====== Available records

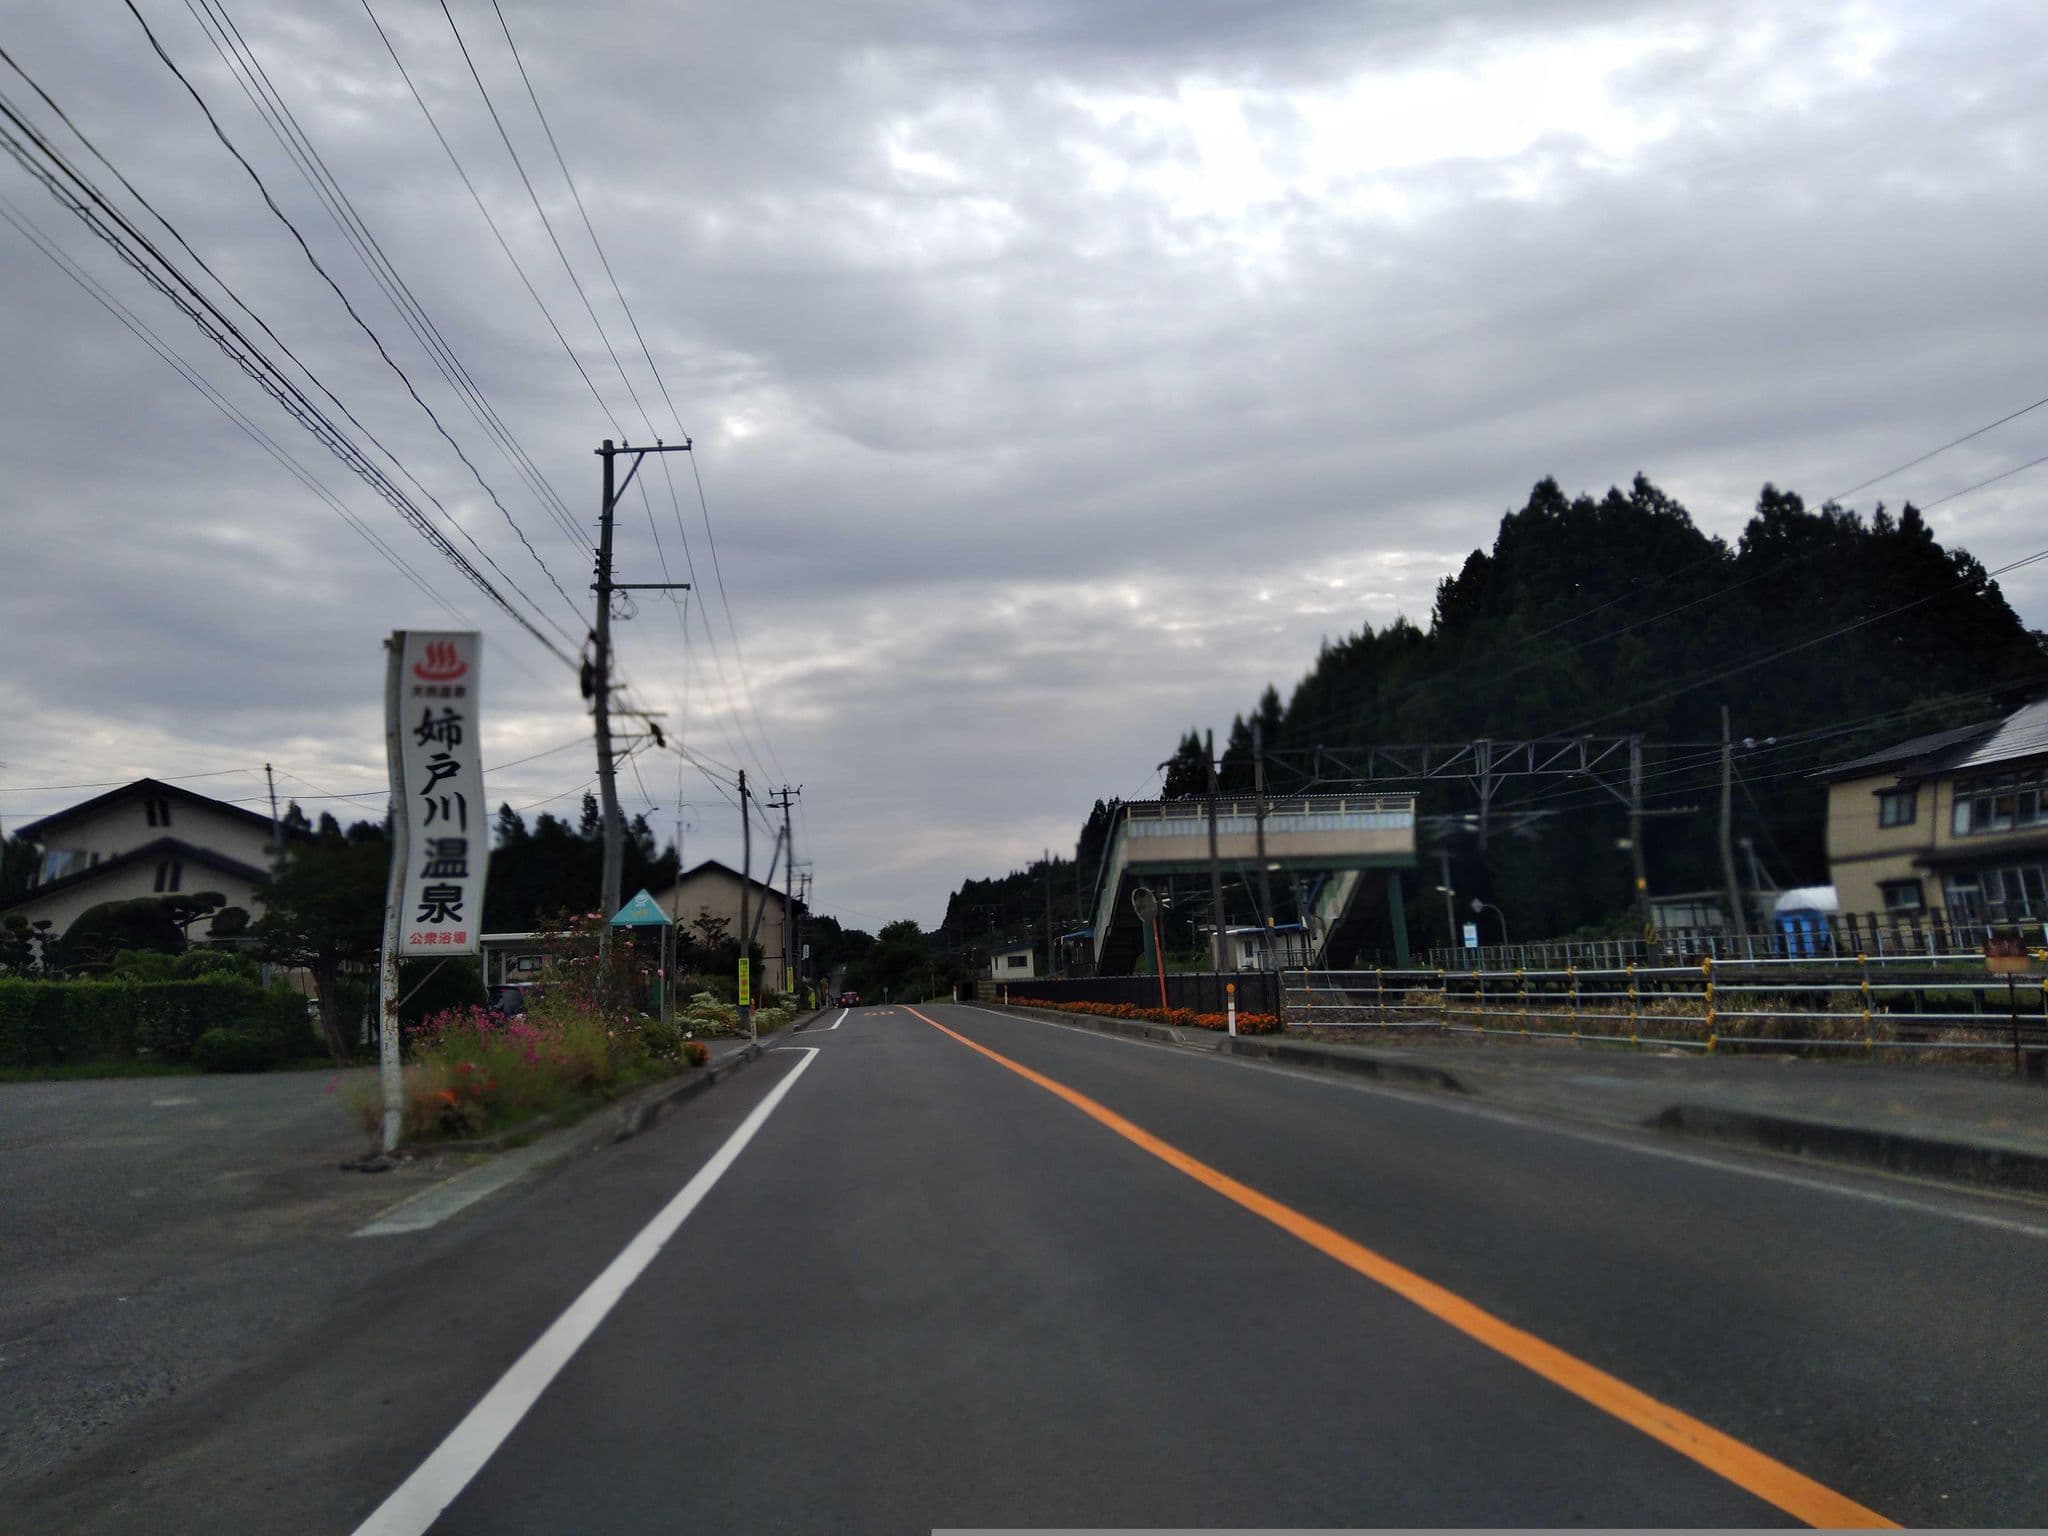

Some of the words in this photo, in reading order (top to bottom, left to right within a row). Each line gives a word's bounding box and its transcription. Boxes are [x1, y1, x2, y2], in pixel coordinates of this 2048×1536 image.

[413, 706, 469, 924] 姉戸川温泉
[409, 931, 467, 945] 公衆浴場
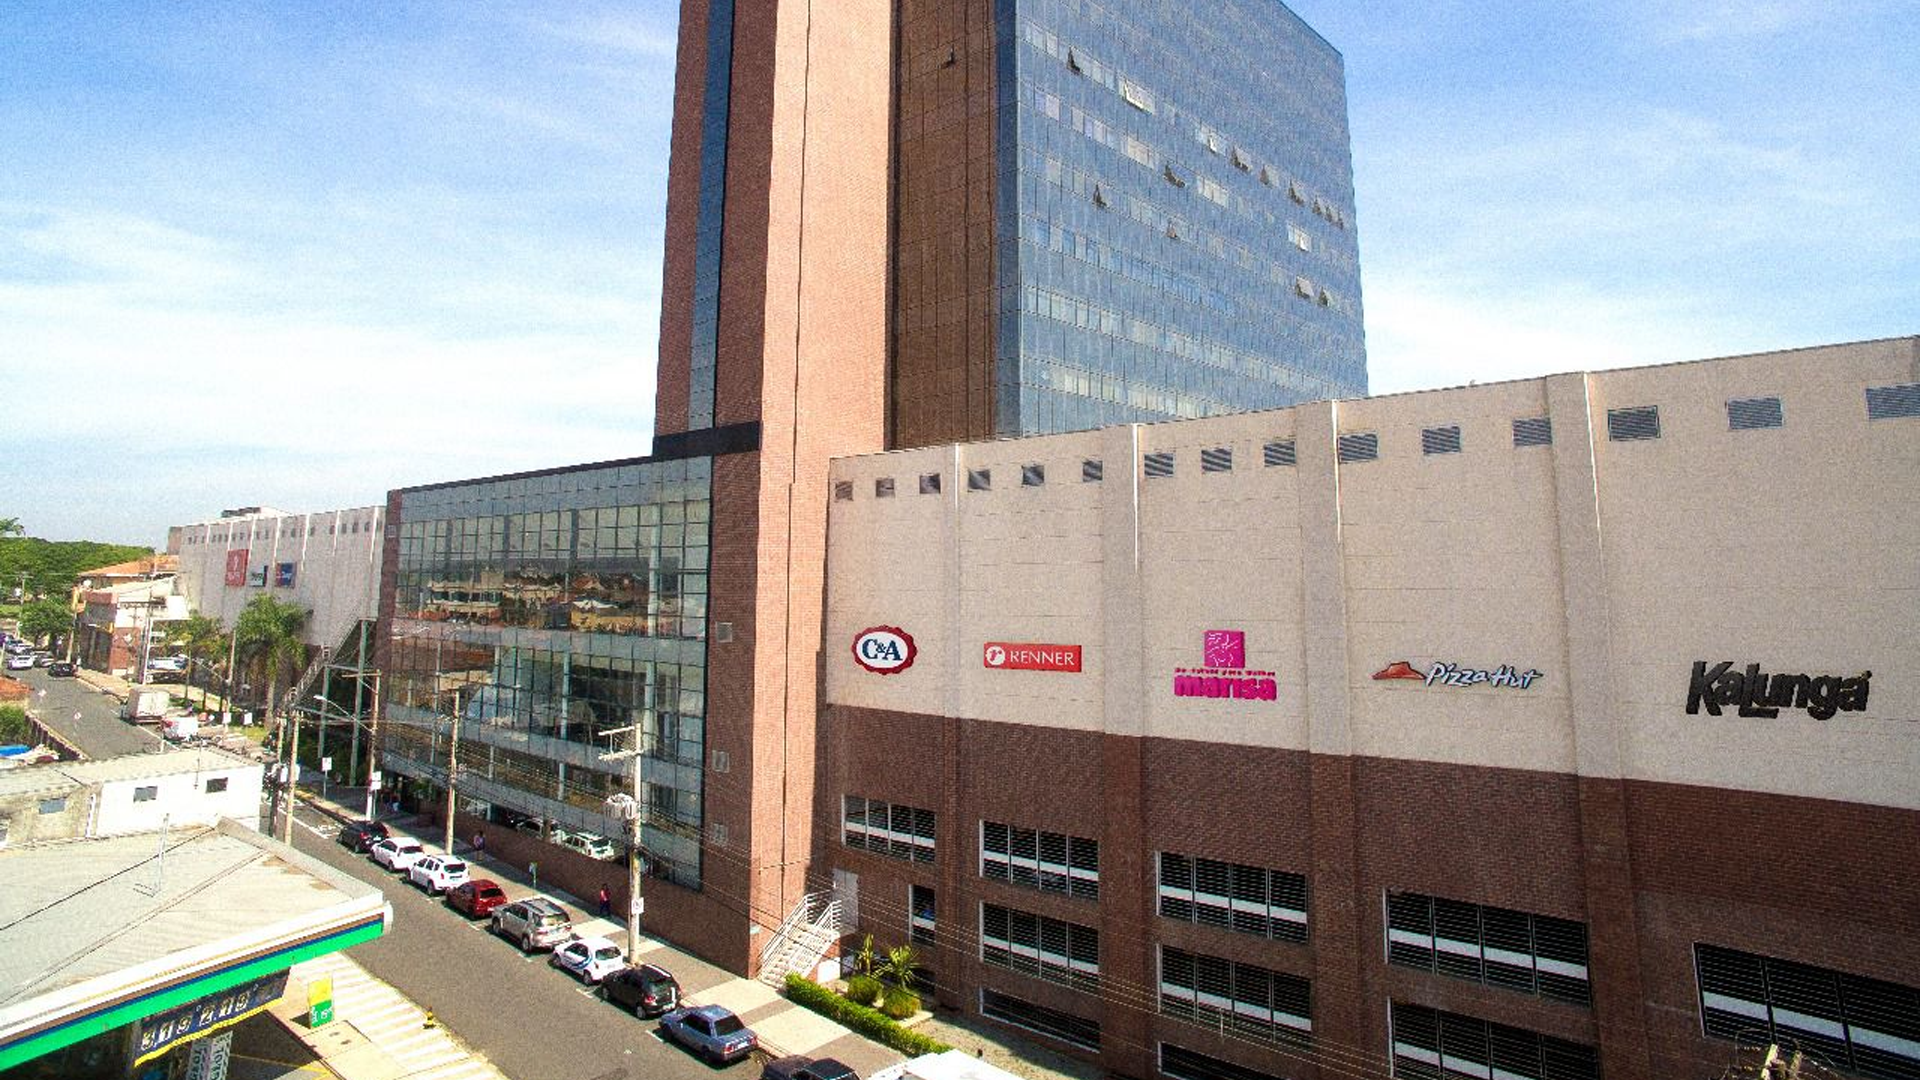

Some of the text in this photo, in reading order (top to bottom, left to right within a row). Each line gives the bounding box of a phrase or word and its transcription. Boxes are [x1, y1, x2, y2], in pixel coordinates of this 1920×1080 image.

[862, 638, 903, 661] C&A
[1010, 650, 1075, 666] RENNER
[1174, 675, 1277, 701] marisa
[1425, 661, 1543, 689] Pizza Hut
[1686, 661, 1870, 721] Kalunga
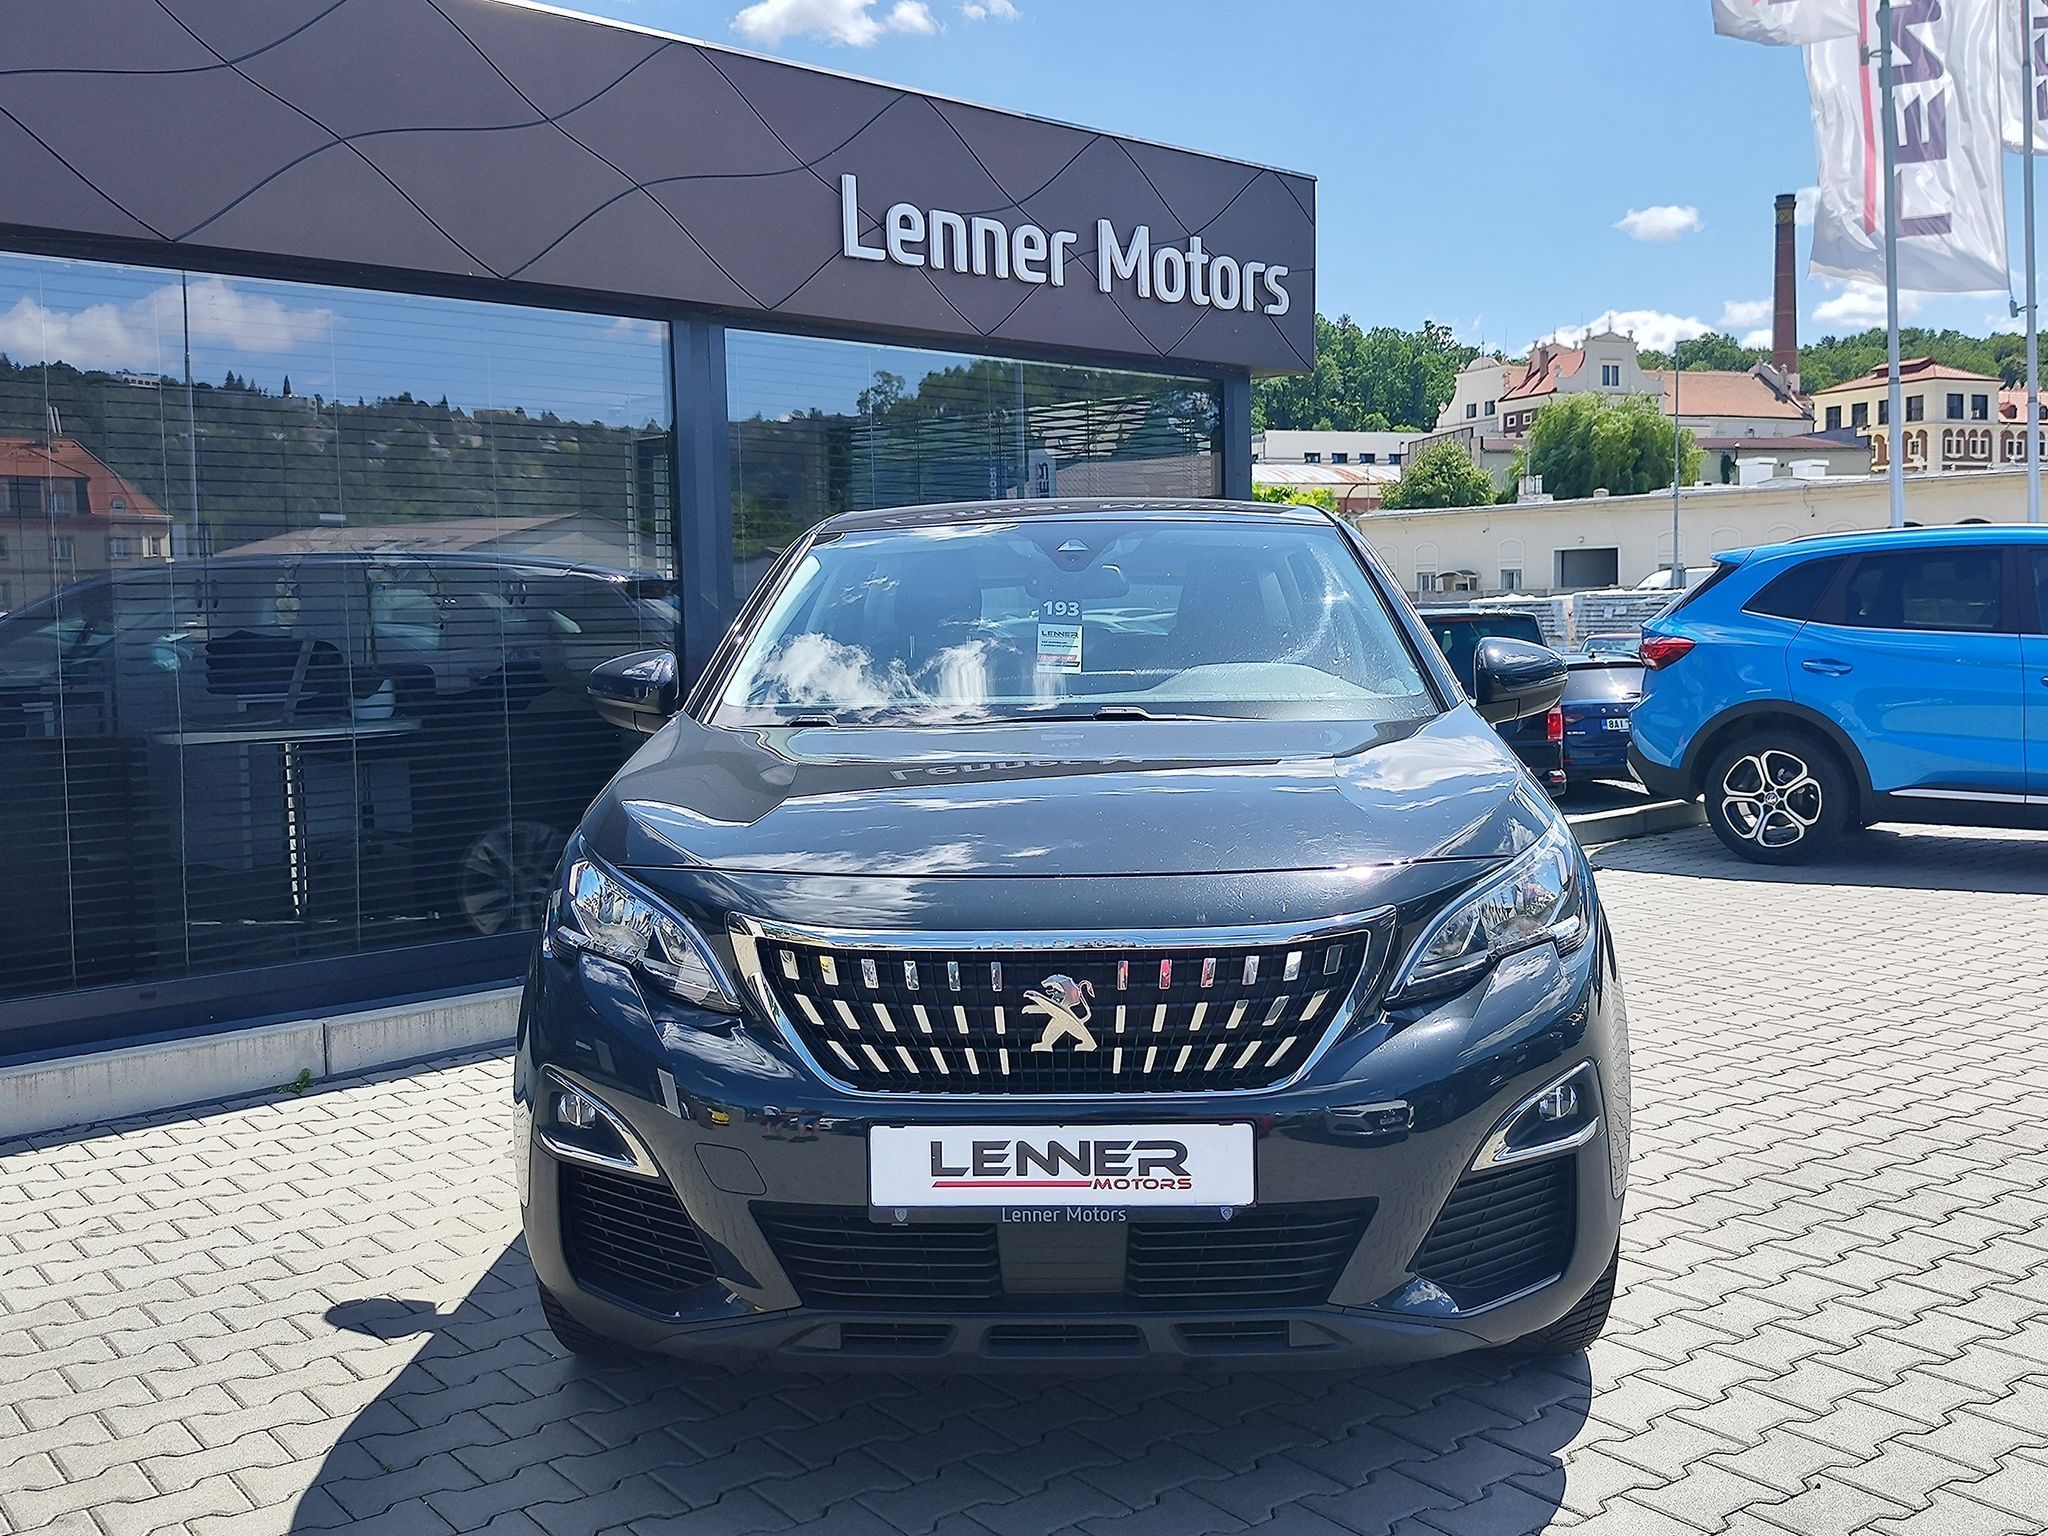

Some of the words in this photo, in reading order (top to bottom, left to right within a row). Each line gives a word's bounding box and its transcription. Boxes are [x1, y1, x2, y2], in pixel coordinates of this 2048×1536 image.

[841, 174, 1078, 287] Lenner
[1096, 218, 1291, 315] Motors
[1043, 600, 1080, 616] 193
[1041, 630, 1079, 639] LENNER
[930, 1140, 1192, 1176] LENNER
[1092, 1178, 1193, 1190] MOTORS
[1002, 1207, 1060, 1222] Lenner
[1066, 1206, 1127, 1222] Motors

============

- [Task instructions] The copy you give must repeat each record character for character, but it must not include the pictures.

- [Output of the task]
Some of the words in this photo, in reading order (top to bottom, left to right within a row). Each line gives a word's bounding box and its transcription. Boxes are [x1, y1, x2, y2], in pixel coordinates of this 2048×1536 image.

[413, 706, 469, 924] 姉戸川温泉
[409, 931, 467, 945] 公衆浴場

Some of the text in this photo, in reading order (top to bottom, left to right within a row). Each line gives the bounding box of a phrase or word and its transcription. Boxes are [x1, y1, x2, y2], in pixel coordinates of this 1920×1080 image.

[862, 638, 903, 661] C&A
[1010, 650, 1075, 666] RENNER
[1174, 675, 1277, 701] marisa
[1425, 661, 1543, 689] Pizza Hut
[1686, 661, 1870, 721] Kalunga

Some of the words in this photo, in reading order (top to bottom, left to right within a row). Each line gives a word's bounding box and its transcription. Boxes are [x1, y1, x2, y2], in pixel coordinates of this 2048×1536 image.

[841, 174, 1078, 287] Lenner
[1096, 218, 1291, 315] Motors
[1043, 600, 1080, 616] 193
[1041, 630, 1079, 639] LENNER
[930, 1140, 1192, 1176] LENNER
[1092, 1178, 1193, 1190] MOTORS
[1002, 1207, 1060, 1222] Lenner
[1066, 1206, 1127, 1222] Motors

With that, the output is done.